▶ **DATA PROVIDED**

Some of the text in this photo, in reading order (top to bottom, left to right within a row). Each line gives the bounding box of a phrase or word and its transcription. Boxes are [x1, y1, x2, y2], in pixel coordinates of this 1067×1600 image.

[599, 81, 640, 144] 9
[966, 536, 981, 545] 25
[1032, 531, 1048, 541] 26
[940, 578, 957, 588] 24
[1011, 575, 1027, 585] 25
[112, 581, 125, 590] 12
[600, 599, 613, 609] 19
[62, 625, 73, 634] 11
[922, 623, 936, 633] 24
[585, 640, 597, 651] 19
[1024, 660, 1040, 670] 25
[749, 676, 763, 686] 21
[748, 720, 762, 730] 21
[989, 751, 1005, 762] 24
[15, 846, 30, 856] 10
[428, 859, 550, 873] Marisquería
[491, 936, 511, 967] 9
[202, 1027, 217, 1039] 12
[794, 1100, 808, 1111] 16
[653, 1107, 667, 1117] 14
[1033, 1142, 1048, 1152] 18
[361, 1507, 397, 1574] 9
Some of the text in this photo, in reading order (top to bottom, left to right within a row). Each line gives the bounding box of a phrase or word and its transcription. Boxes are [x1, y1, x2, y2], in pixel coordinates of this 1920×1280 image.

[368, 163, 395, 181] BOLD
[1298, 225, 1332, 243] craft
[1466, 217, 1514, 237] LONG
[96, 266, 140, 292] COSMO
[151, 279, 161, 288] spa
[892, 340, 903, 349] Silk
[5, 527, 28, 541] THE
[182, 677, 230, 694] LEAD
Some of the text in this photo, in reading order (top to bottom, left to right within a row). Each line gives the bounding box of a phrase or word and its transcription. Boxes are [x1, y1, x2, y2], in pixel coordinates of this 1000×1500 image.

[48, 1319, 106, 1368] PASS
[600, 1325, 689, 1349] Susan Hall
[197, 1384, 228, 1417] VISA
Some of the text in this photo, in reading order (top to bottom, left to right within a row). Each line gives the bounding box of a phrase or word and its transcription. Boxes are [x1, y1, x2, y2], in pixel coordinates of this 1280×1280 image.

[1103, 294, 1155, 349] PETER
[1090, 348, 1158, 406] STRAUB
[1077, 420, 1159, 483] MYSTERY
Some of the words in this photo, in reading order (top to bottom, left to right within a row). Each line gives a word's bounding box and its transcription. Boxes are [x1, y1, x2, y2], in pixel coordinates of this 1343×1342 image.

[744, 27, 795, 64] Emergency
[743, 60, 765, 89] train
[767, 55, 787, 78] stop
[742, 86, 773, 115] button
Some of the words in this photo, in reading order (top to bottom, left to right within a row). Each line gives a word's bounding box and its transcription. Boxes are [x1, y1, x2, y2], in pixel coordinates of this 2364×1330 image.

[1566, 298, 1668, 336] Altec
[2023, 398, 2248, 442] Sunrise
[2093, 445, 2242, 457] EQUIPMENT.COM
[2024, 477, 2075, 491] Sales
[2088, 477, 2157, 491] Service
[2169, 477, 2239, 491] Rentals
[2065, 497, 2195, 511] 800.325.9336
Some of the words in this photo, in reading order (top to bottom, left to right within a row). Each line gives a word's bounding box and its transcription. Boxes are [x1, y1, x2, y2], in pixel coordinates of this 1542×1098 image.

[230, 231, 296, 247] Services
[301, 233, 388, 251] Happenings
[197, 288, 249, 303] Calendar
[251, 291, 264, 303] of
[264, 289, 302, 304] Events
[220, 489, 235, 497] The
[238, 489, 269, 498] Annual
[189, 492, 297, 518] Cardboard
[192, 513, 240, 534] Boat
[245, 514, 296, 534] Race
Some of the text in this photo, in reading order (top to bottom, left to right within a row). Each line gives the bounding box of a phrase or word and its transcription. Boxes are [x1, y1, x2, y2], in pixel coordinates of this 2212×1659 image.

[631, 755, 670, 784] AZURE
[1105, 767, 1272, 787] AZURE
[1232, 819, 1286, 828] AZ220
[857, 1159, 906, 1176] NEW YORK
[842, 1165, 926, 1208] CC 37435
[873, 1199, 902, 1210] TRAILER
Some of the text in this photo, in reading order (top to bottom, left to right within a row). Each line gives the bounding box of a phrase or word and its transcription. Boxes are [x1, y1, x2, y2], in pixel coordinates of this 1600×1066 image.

▶ **WORK REQUEST**
Repeat all of the data exactly as given.

▶ **YOUR SOLUTION**
Some of the text in this photo, in reading order (top to bottom, left to right within a row). Each line gives the bounding box of a phrase or word and its transcription. Boxes are [x1, y1, x2, y2], in pixel coordinates of this 1067×1600 image.

[599, 81, 640, 144] 9
[966, 536, 981, 545] 25
[1032, 531, 1048, 541] 26
[940, 578, 957, 588] 24
[1011, 575, 1027, 585] 25
[112, 581, 125, 590] 12
[600, 599, 613, 609] 19
[62, 625, 73, 634] 11
[922, 623, 936, 633] 24
[585, 640, 597, 651] 19
[1024, 660, 1040, 670] 25
[749, 676, 763, 686] 21
[748, 720, 762, 730] 21
[989, 751, 1005, 762] 24
[15, 846, 30, 856] 10
[428, 859, 550, 873] Marisquería
[491, 936, 511, 967] 9
[202, 1027, 217, 1039] 12
[794, 1100, 808, 1111] 16
[653, 1107, 667, 1117] 14
[1033, 1142, 1048, 1152] 18
[361, 1507, 397, 1574] 9
Some of the text in this photo, in reading order (top to bottom, left to right within a row). Each line gives the bounding box of a phrase or word and its transcription. Boxes are [x1, y1, x2, y2], in pixel coordinates of this 1920×1280 image.

[368, 163, 395, 181] BOLD
[1298, 225, 1332, 243] craft
[1466, 217, 1514, 237] LONG
[96, 266, 140, 292] COSMO
[151, 279, 161, 288] spa
[892, 340, 903, 349] Silk
[5, 527, 28, 541] THE
[182, 677, 230, 694] LEAD
Some of the text in this photo, in reading order (top to bottom, left to right within a row). Each line gives the bounding box of a phrase or word and its transcription. Boxes are [x1, y1, x2, y2], in pixel coordinates of this 1000×1500 image.

[48, 1319, 106, 1368] PASS
[600, 1325, 689, 1349] Susan Hall
[197, 1384, 228, 1417] VISA
Some of the text in this photo, in reading order (top to bottom, left to right within a row). Each line gives the bounding box of a phrase or word and its transcription. Boxes are [x1, y1, x2, y2], in pixel coordinates of this 1280×1280 image.

[1103, 294, 1155, 349] PETER
[1090, 348, 1158, 406] STRAUB
[1077, 420, 1159, 483] MYSTERY
Some of the words in this photo, in reading order (top to bottom, left to right within a row). Each line gives a word's bounding box and its transcription. Boxes are [x1, y1, x2, y2], in pixel coordinates of this 1343×1342 image.

[744, 27, 795, 64] Emergency
[743, 60, 765, 89] train
[767, 55, 787, 78] stop
[742, 86, 773, 115] button
Some of the words in this photo, in reading order (top to bottom, left to right within a row). Each line gives a word's bounding box and its transcription. Boxes are [x1, y1, x2, y2], in pixel coordinates of this 2364×1330 image.

[1566, 298, 1668, 336] Altec
[2023, 398, 2248, 442] Sunrise
[2093, 445, 2242, 457] EQUIPMENT.COM
[2024, 477, 2075, 491] Sales
[2088, 477, 2157, 491] Service
[2169, 477, 2239, 491] Rentals
[2065, 497, 2195, 511] 800.325.9336
Some of the words in this photo, in reading order (top to bottom, left to right within a row). Each line gives a word's bounding box and its transcription. Boxes are [x1, y1, x2, y2], in pixel coordinates of this 1542×1098 image.

[230, 231, 296, 247] Services
[301, 233, 388, 251] Happenings
[197, 288, 249, 303] Calendar
[251, 291, 264, 303] of
[264, 289, 302, 304] Events
[220, 489, 235, 497] The
[238, 489, 269, 498] Annual
[189, 492, 297, 518] Cardboard
[192, 513, 240, 534] Boat
[245, 514, 296, 534] Race
Some of the text in this photo, in reading order (top to bottom, left to right within a row). Each line gives the bounding box of a phrase or word and its transcription. Boxes are [x1, y1, x2, y2], in pixel coordinates of this 2212×1659 image.

[631, 755, 670, 784] AZURE
[1105, 767, 1272, 787] AZURE
[1232, 819, 1286, 828] AZ220
[857, 1159, 906, 1176] NEW YORK
[842, 1165, 926, 1208] CC 37435
[873, 1199, 902, 1210] TRAILER
Some of the text in this photo, in reading order (top to bottom, left to right within a row). Each line gives the bounding box of a phrase or word and its transcription. Boxes are [x1, y1, x2, y2], in pixel coordinates of this 1600×1066 image.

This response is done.